Ghost hunters Lisa Sekeet and David Mason were standing in the middle of the cemetery close to the front white gate.

“We’ve had the most activity here,” said M.P.A. team member Sekeet. “A ghost by the name of William Moon showed his presence by always pointing the rods in the direction of the Moon graves.”

At the Fallasburg Cemetery, the divining rods went crazy; at one-point crossing and then pointing in the direction of the Moon gravesite.

The team picked a person with “abilities’ here to use the divining rods. Divining rods are also used to locate ground water, buried metals, ores and gemstones. Lori from Lowell held the rods that first crossed and then pointed to the Moon gravesite.

“I blocked my abilities, I am trying to get them back with meditation,” she said.

Group one searched the grave’s headstone and footstones. Vergennes resident Catherine Haefner discovered a W. on one of the grave stones. Flashlights and cell phones illuminated the big Moon grave stone.

“I liked the cemetery where the most activity was,” said Haefner.

During the final findings session back at the schoolhouse, Jason Kotecki used an Electronic Voice Phenomena (EVP) recorder to play back the thumping sounds to all the ghost hunters.
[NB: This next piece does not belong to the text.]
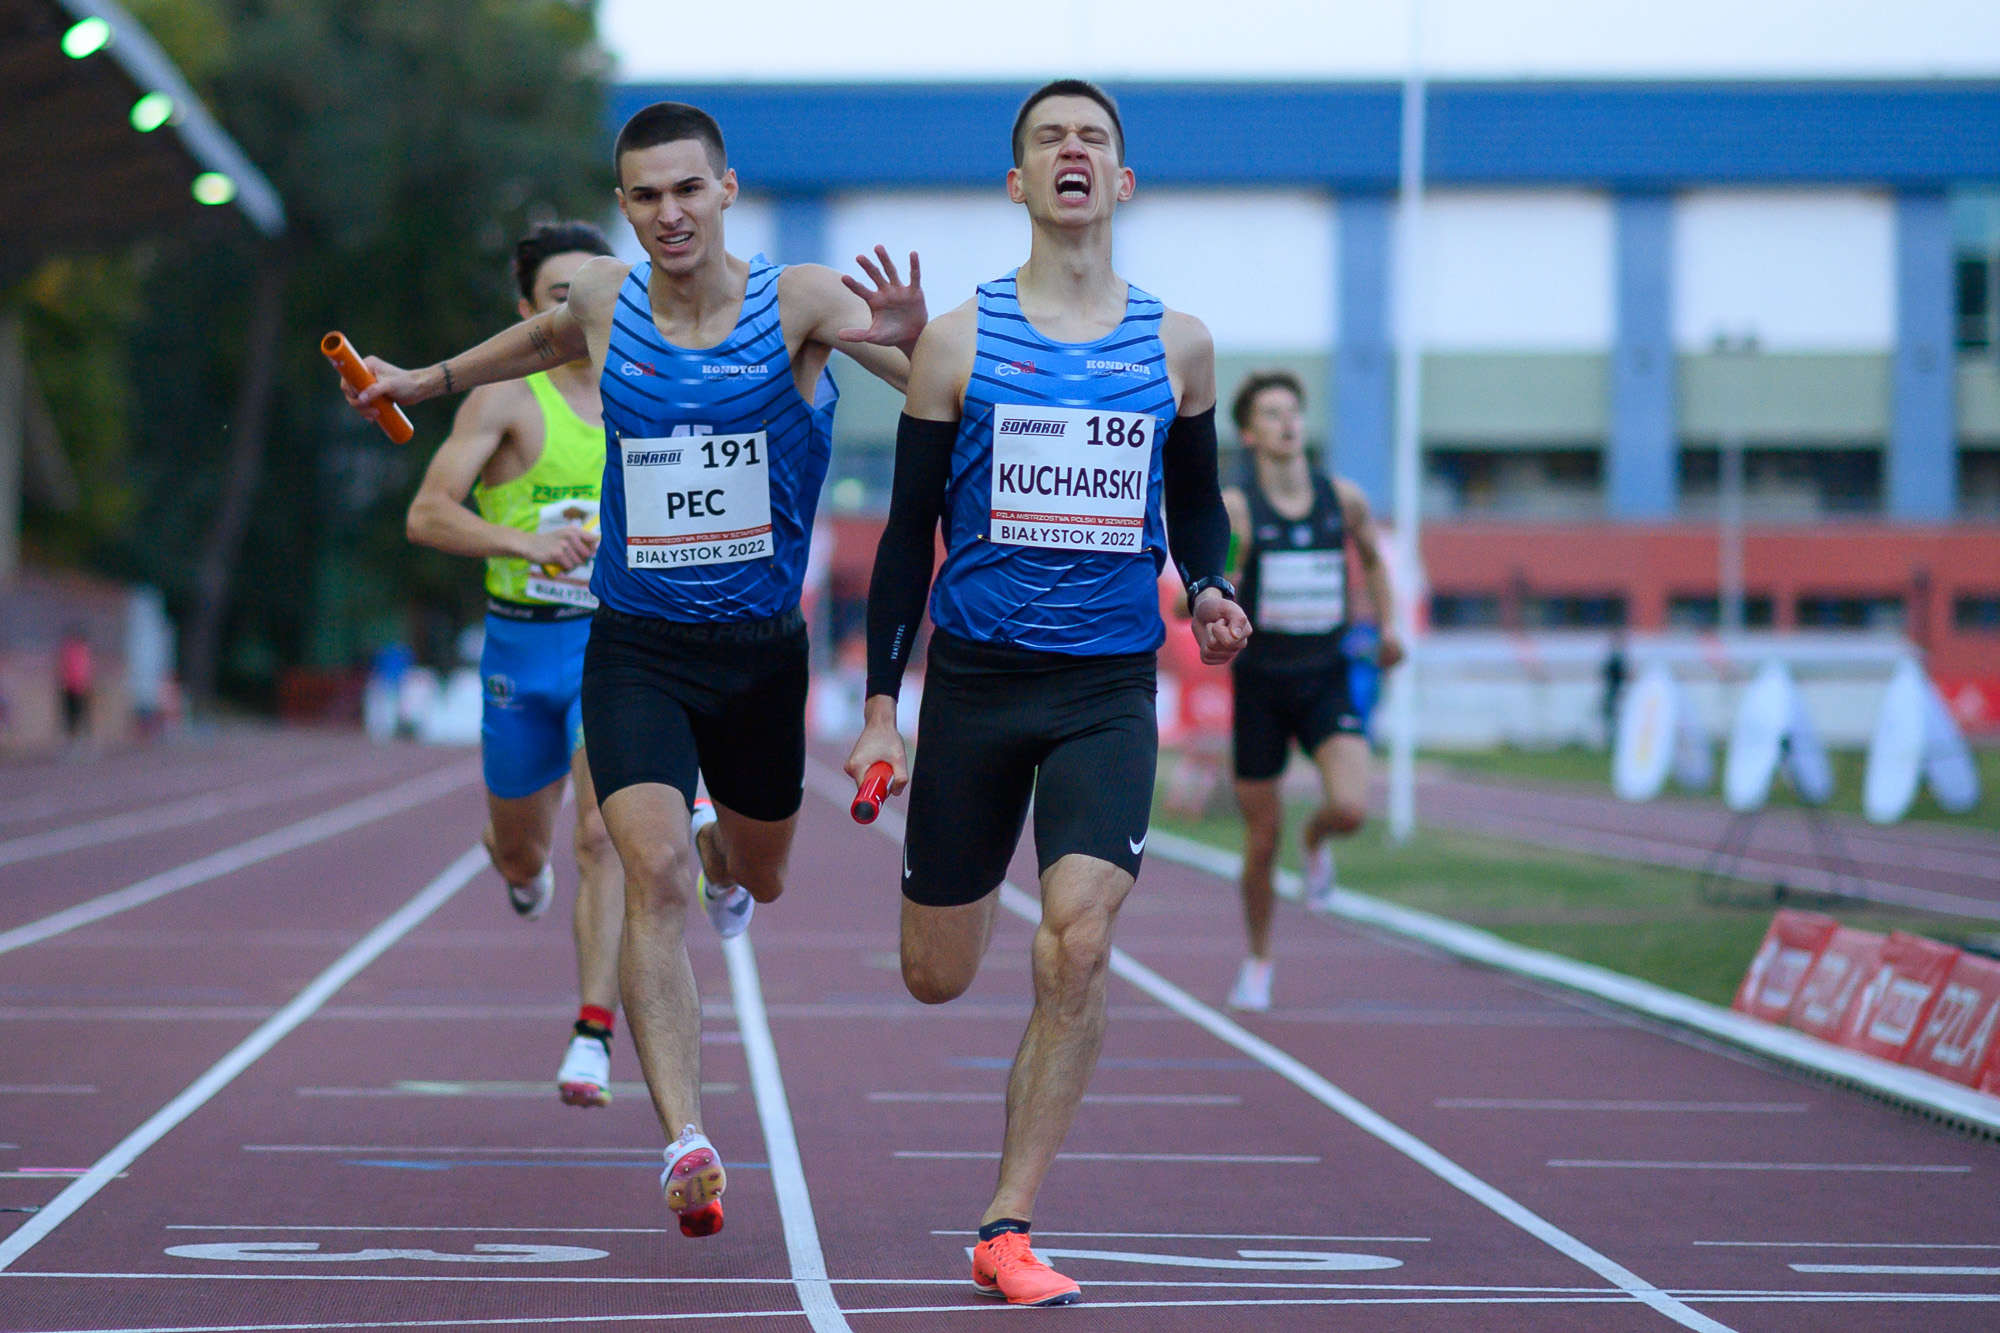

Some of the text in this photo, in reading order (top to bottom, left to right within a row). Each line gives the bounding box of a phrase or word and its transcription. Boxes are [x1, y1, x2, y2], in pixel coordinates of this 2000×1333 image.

“It sounded like hard sole shoes, like a teacher was coming up,” Jason said.

The M.P.A. team travels around the country to conduct paranormal investigations such as the one at the Fallasburg pioneer village. One of their most interesting locations was the Waverly Hills Sanatorium in Louisville, Kentucky where 63,000 people died of tuberculosis, otherwise known as “The White Plague.”

“You sit for eight to 10 hours in the dark talking to nothing,” said team member Sue Nielsen.

However, the pay-off comes when you do hear or see something.

“It’s that golden nugget, that you’ve been waiting for,” said Peggy.

The participants spoke about their various paranormal experiences.

Amy Ryan of Hastings shared her experience from 1992 when she lived above what was known as “The Haunted Floral Shop” in Grand Rapids. The curtains that she had shoved in the corner were all of a sudden hung up and straightened out.

“It was the real deal,” she said.

Teresa Medich of Burton spoke about her encounters with the dead at the schoolhouse.

“I am really enjoying this, the history and the museums,” she said. “The Tower Farm is really creepy.”

Local villagers’ lore has it that builder Orlin Douglass comes back to haunt the Tower House.

“There’s got to be something out there,” said Peggy, “and we want to know.”

Rosemary said the M.P.A. team has a lot of evidence of ghost activity at Fallasburg.

Some personal experiences included hearing footsteps and knocks in the schoolhouse when everyone was seated and quiet.

At the Fallass House, participants heard voices and knocks, EMF meter and Rem pod activity, as well as shadows.

Participants also reported feelings of being watched at the Misner House.

“It was a great investigation,” said Rosemary. “I think this year people had more personal experiences. Our group is always happy to assist in meaningful endeavors. This is a great example; raising funds for the historical society to maintain and restore the history of Fallasburg, and give voice to the past.”